Troubleshooting a non-booting kernel

pa4wdh · l33t Joined: 16 Dec 2005 Posts: 812

Hi All,

I can usually help myself when it comes to troubleshooting kernel configurations, but now i have one that beats me ...
The hardware involved is a Clevo N240JU laptop (actually branded as BTO), my kernel is configured with all required modules built-in.
The problem is that my kernel doesn't boot most of the time, but sometimes it does. When it does everything works as expected. I got three kernels in use: 5.4.28 (which always works), 5.4.72 (which works most of the time, but sometimes has the same problem), and not recently 5.10.27 (which boots sometimes bot most of the time it doesn't).

When i select it in the grub menu, this is the output: (beware of any types, i had to manually type it)
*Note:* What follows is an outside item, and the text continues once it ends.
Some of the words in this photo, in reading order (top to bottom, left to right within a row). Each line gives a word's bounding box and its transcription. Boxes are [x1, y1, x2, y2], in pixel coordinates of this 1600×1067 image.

NeddySeagoon · Posted: Sat May 08, 2021 10:42 am Post subject:

pa4wdh.

pa4wdh · l33t Joined: 16 Dec 2005 Posts: 812

pietinger · Posted: Sat May 08, 2021 12:32 pm Post subject:

pa4wdh · l33t Joined: 16 Dec 2005 Posts: 812

I just opened my laptop to see what type of memory is in there. It's a single 8GB module, so i can't remove it to experiment with different memory configurations. Sure, the memtest+ output is pretty convincing, but i'd expect general system instability when it's really as bad as memtest+ says it is.

I also got lucky and my new kernel booted. I checked dmesg and noticed the first thing it does is a CPU microcode update. I removed the microcode stuff and now my new kernel boots reliably (tested 10+ times).
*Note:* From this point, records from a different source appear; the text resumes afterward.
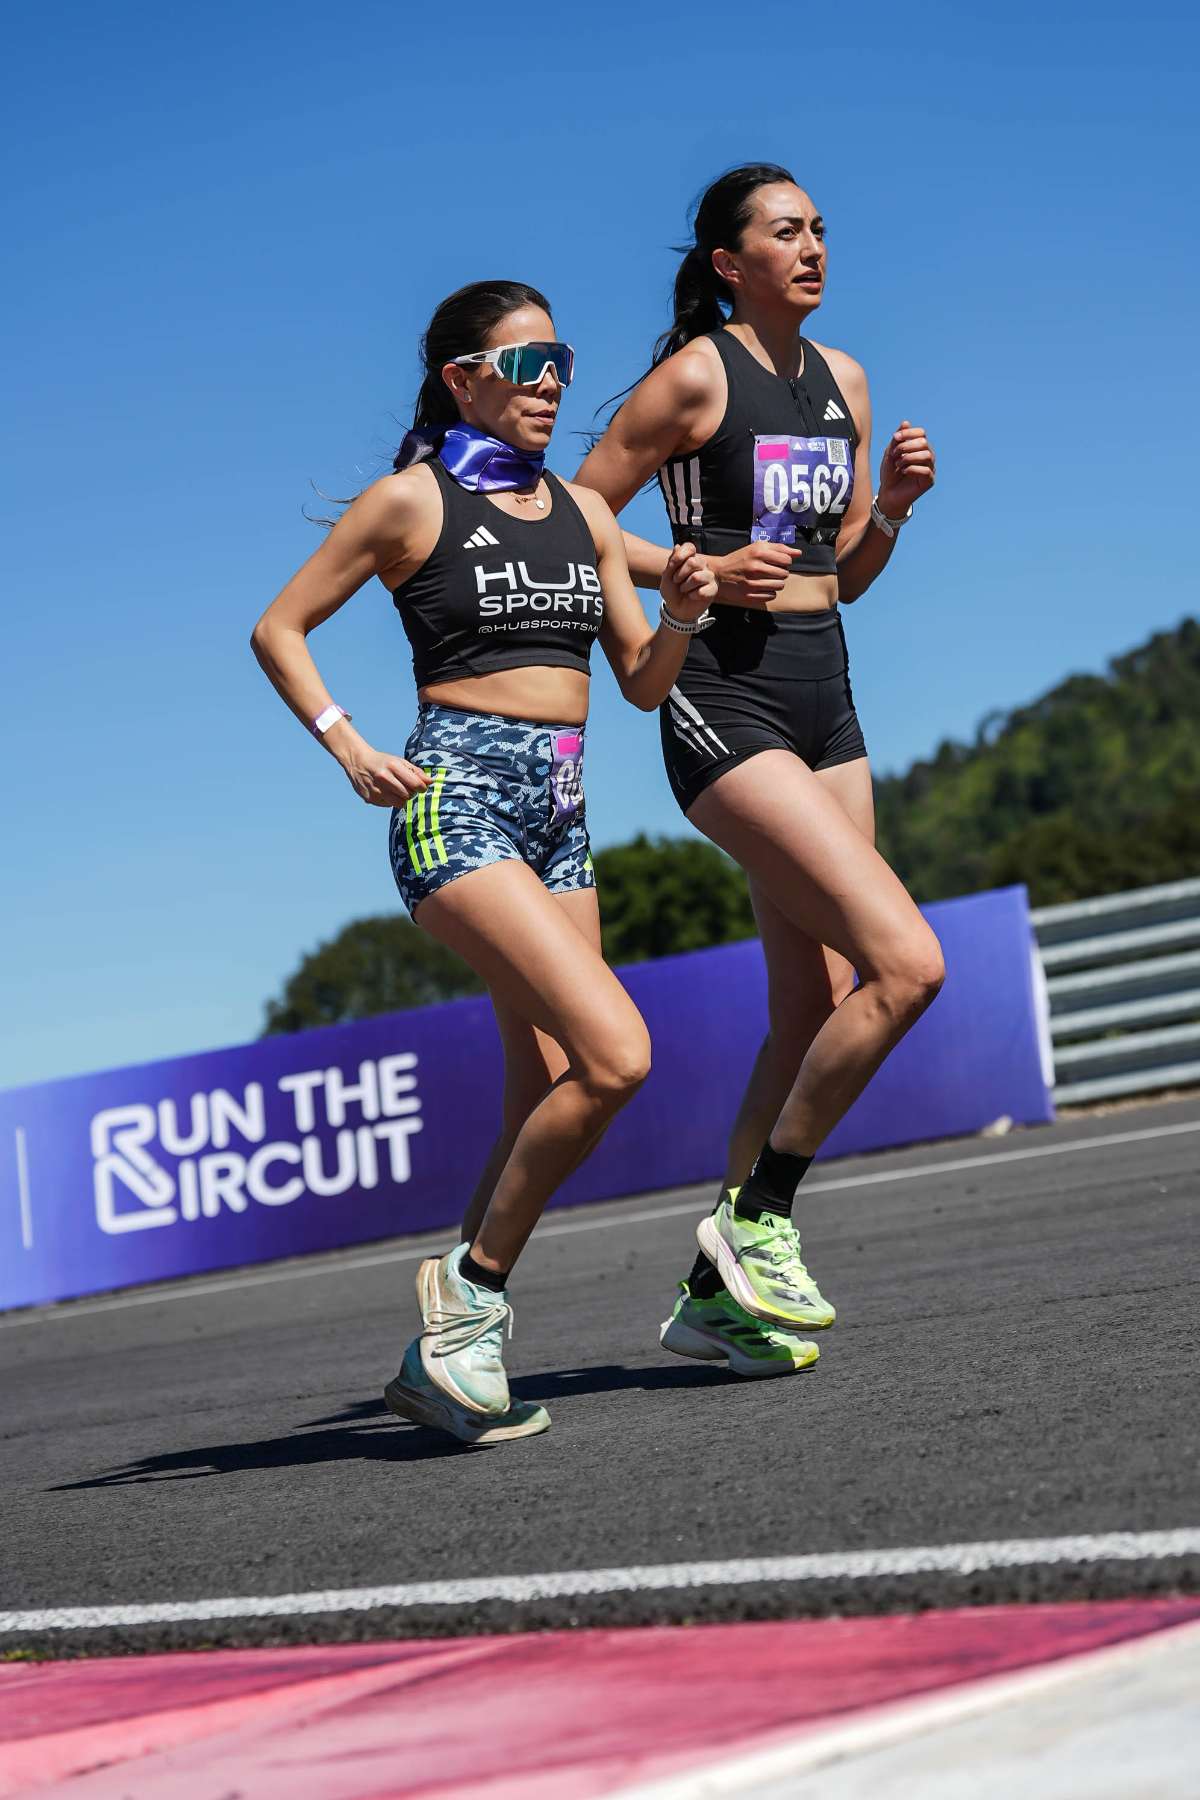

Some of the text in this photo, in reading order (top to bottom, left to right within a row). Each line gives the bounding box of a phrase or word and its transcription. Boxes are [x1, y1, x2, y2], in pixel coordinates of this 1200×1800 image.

[763, 463, 850, 514] 0562
[474, 561, 601, 593] HUB
[479, 592, 603, 616] SPORTS
[91, 1052, 422, 1175] RUN THE
[94, 1116, 424, 1235] CIRCUIT
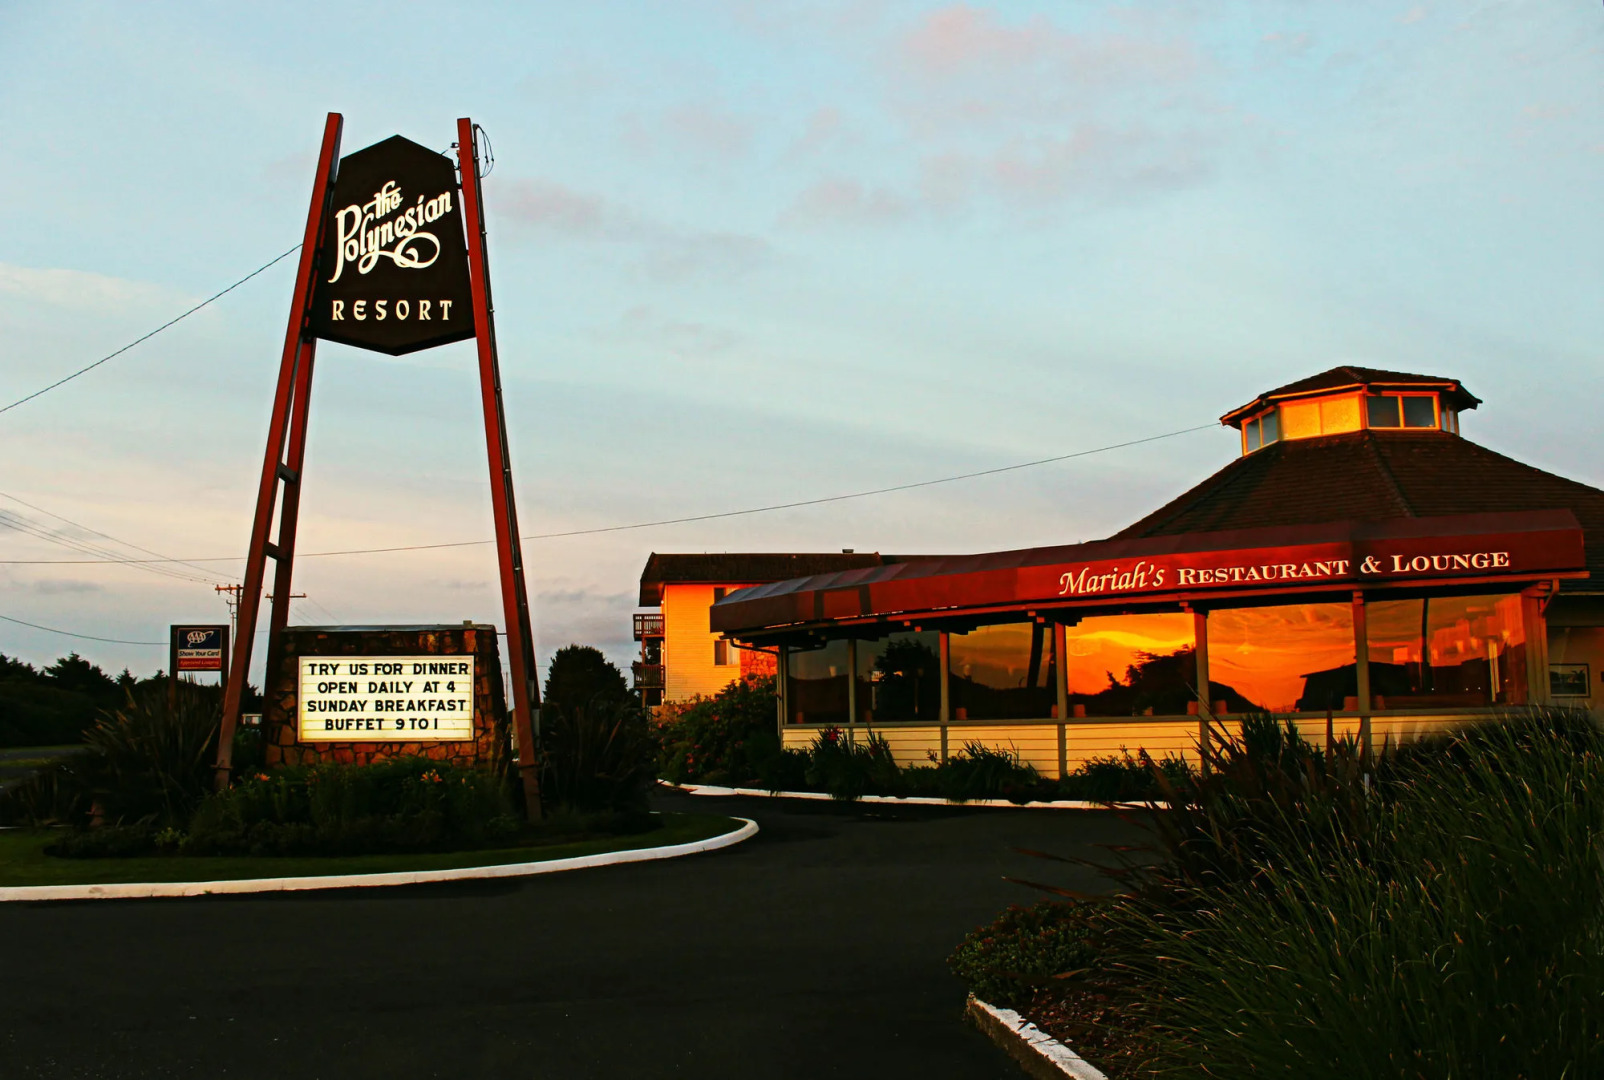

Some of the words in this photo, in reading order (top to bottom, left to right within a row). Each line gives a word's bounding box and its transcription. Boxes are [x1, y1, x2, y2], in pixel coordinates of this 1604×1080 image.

[363, 180, 404, 219] the
[327, 191, 453, 283] Polynesian
[331, 299, 453, 321] RESORT
[1058, 560, 1166, 596] Mariah's
[1176, 558, 1350, 587] RESTAURANT
[1359, 555, 1382, 574] &
[1390, 551, 1510, 574] LOUNGE
[308, 663, 340, 675] TRY
[349, 663, 368, 675] US
[374, 663, 403, 675] FOR
[413, 663, 469, 675] DINNER
[317, 682, 358, 693] OPEN
[368, 681, 413, 693] DAILY
[423, 681, 440, 693] AT
[446, 681, 456, 692] 4
[307, 700, 368, 712] SUNDAY
[374, 699, 466, 711] BREAKFAST
[325, 718, 385, 730] BUFFET
[395, 718, 405, 730] 9
[409, 718, 429, 730] TO
pietinger · Posted: Sat May 08, 2021 3:15 pm Post subject:

pa4wdh,

do you have compiled your microcode static in your kernel ?
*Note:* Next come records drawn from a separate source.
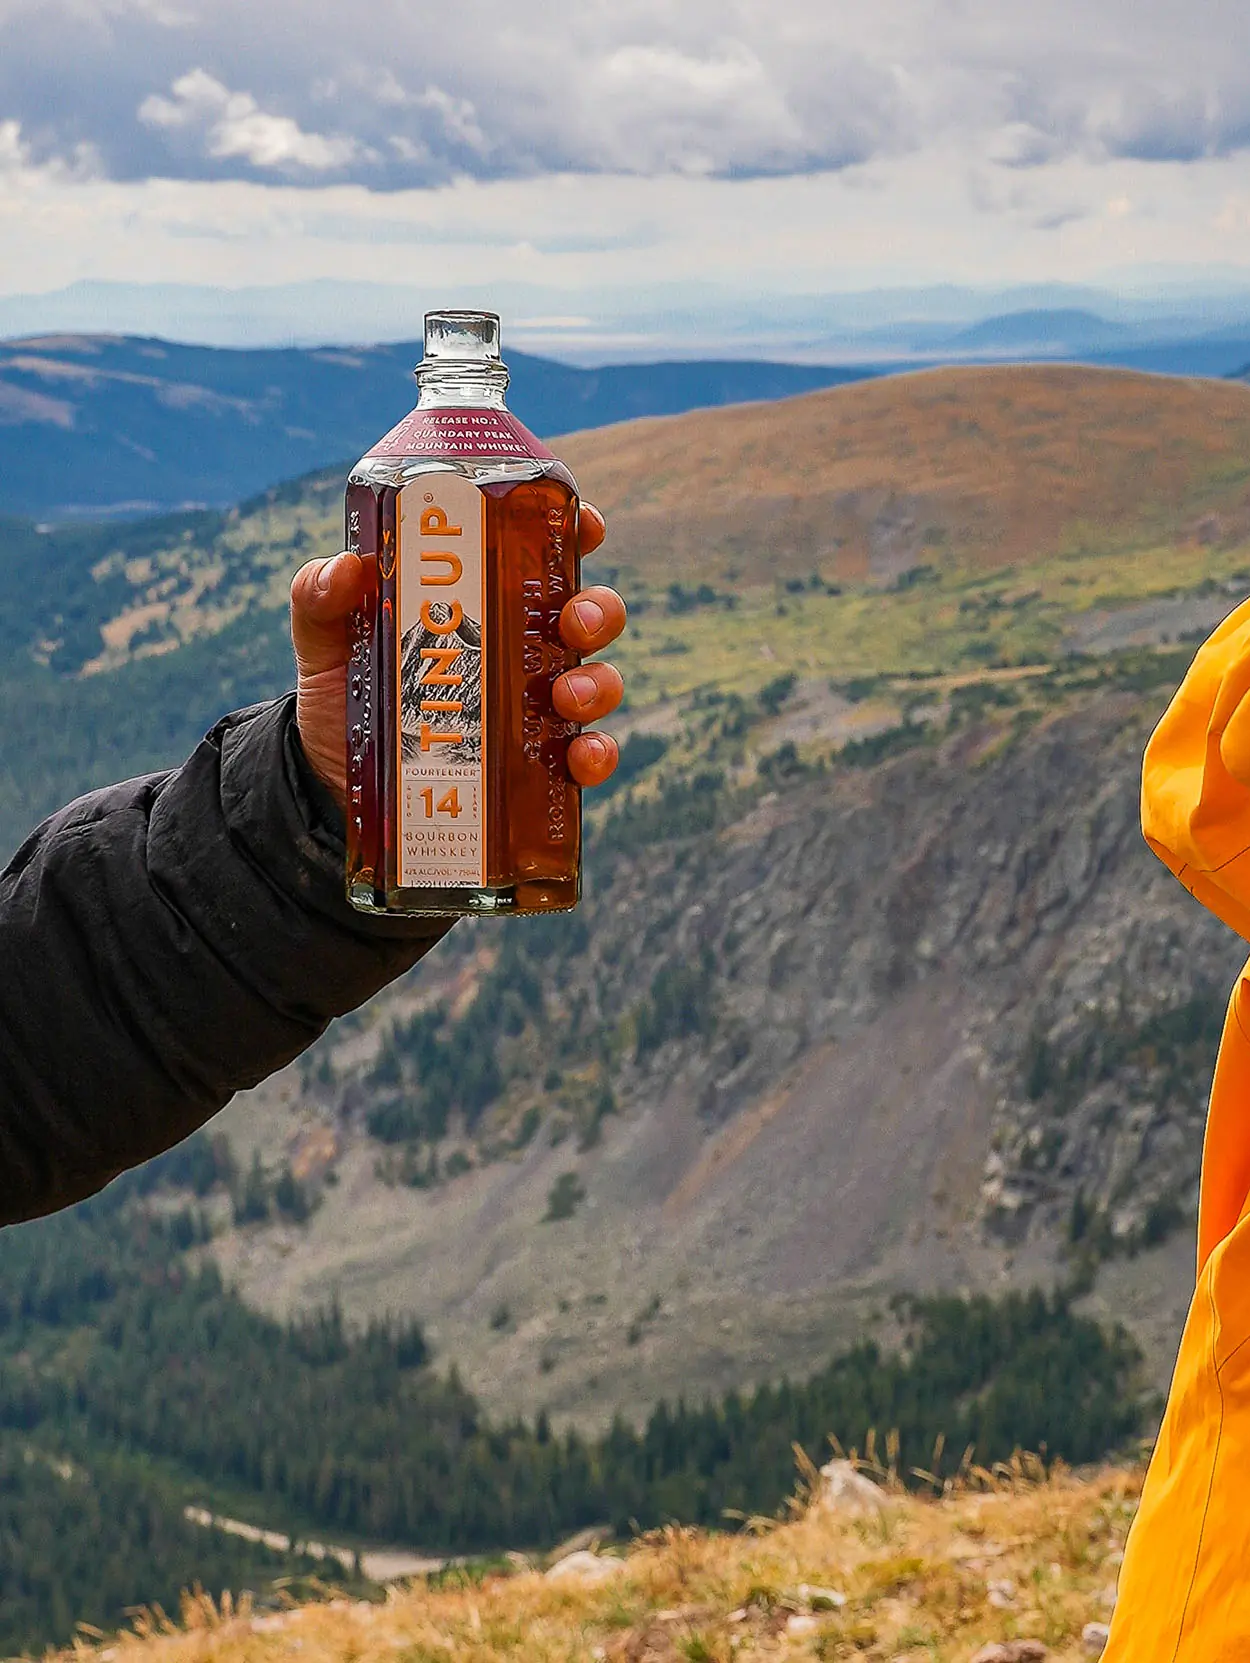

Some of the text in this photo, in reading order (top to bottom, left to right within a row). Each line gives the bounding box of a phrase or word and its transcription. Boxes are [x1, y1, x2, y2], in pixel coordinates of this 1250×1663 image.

[422, 416, 499, 425] RELEASE NO.2
[414, 430, 513, 440] QUANDARY PEAK
[405, 442, 528, 452] MOUNTAIN WHISKEY
[522, 578, 542, 675] WITH
[405, 767, 477, 777] FOURTEENER
[419, 786, 463, 818] 14
[405, 831, 478, 842] BOURBON
[406, 847, 478, 857] WHISKEY
If yes: You must know then it is a blob in your kernel and is NOT loaded at boottime from your /lib/firmware/... This means: it could be you have another version in your older kernels. You can check by booting them and watch at the very beginning of "dmesg". Here is mine as example:

NeddySeagoon · Posted: Sat May 08, 2021 4:10 pm Post subject:

pietinger,

Loading CPU microcode form /lib/firmware has been broken for a long time.
It either needs to be in its own initrd or built into the kernel.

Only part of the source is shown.